Poggia Mauro · Ständerat · 2025-03-17
Poggia Mauro · Ständerat · Genf · Fraktion der Schweizerischen Volkspartei · 2025-03-17
Wortprotokoll
Cette motion a pour but qu'une disposition, qui a été adoptée le 1er janvier 2022 et appliquée par le Parlement, puisse tout simplement être appliquée dans la pratique. Le 1er janvier 2022 est entré en vigueur l'article 60 alinéa 1bis de la loi sur le contrat d'assurance, qui accorde désormais un droit direct du tiers lésé contre l'assureur responsabilité civile, s'il y en a un, et non pas seulement lorsque cet assureur responsabilité civile doit obligatoirement exister selon la loi. Cette disposition a été adoptée par notre Parlement pour permettre au tiers lésé d'avoir en face de lui une entité solvable et capable aussi de trouver des solutions transactionnelles.
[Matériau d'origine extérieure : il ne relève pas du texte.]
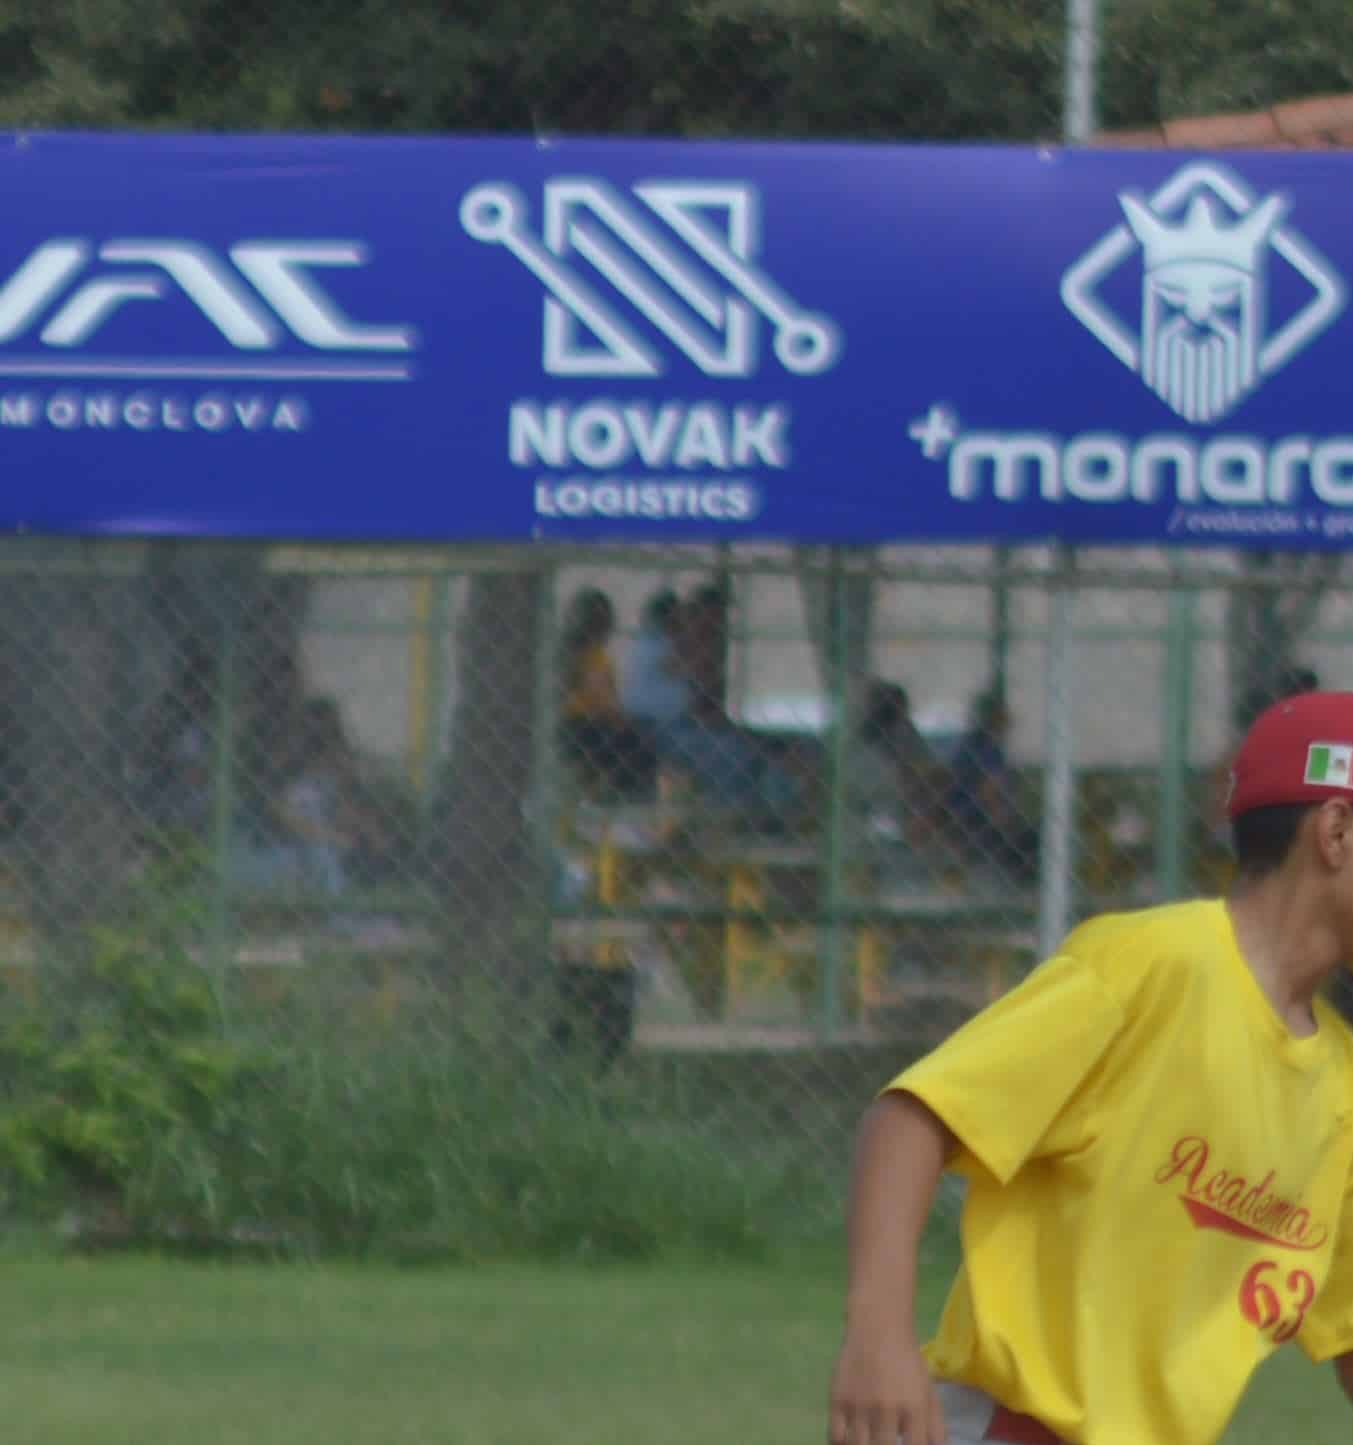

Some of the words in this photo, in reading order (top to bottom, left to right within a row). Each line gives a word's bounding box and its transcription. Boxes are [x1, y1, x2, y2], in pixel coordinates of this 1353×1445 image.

Nous le savons, très souvent, lorsque le responsable ou la personne qui est mise en cause pour sa responsabilité se trouve seule face au tiers lésé dans une procédure, il est très difficile de trouver une solution, ce d'autant que la position première d'une personne mise en cause est souvent de refuser sa responsabilité. Le fait d'avoir des professionnels du droit de la responsabilité civile que sont les assureurs dans ce domaine permet justement au tiers lésé de trouver parfois des solutions et aussi de décharger nos instances judiciaires. Or, pour que l'on puisse agir simultanément ou uniquement contre l'assureur responsabilité civile, encore faut-il le connaître. Aujourd'hui, il n'y a aucun moyen de savoir s'il y a un assureur et qui est cet assureur, ne serait-ce que pour le contacter, afin de savoir quelle est la position qu'il veut adopter dans un cas de sinistre, ne serait-ce que pour l'amener à exiger de son assuré qu'il fasse une déclaration de sinistre, ce à quoi s'oppose généralement la personne mise en cause. Pour cela, il faut un registre, lequel n'a évidemment pas à indiquer autre chose que le nom d'un assureur pour un type de sinistre particulier. Nous n'avons pas besoin d'aller au-delà; c'est, le cas échéant, si l'assureur considère que la prétention est légitime ou crédible qu'il peut entrer en matière et donner des réponses plus pertinentes aux cas particuliers.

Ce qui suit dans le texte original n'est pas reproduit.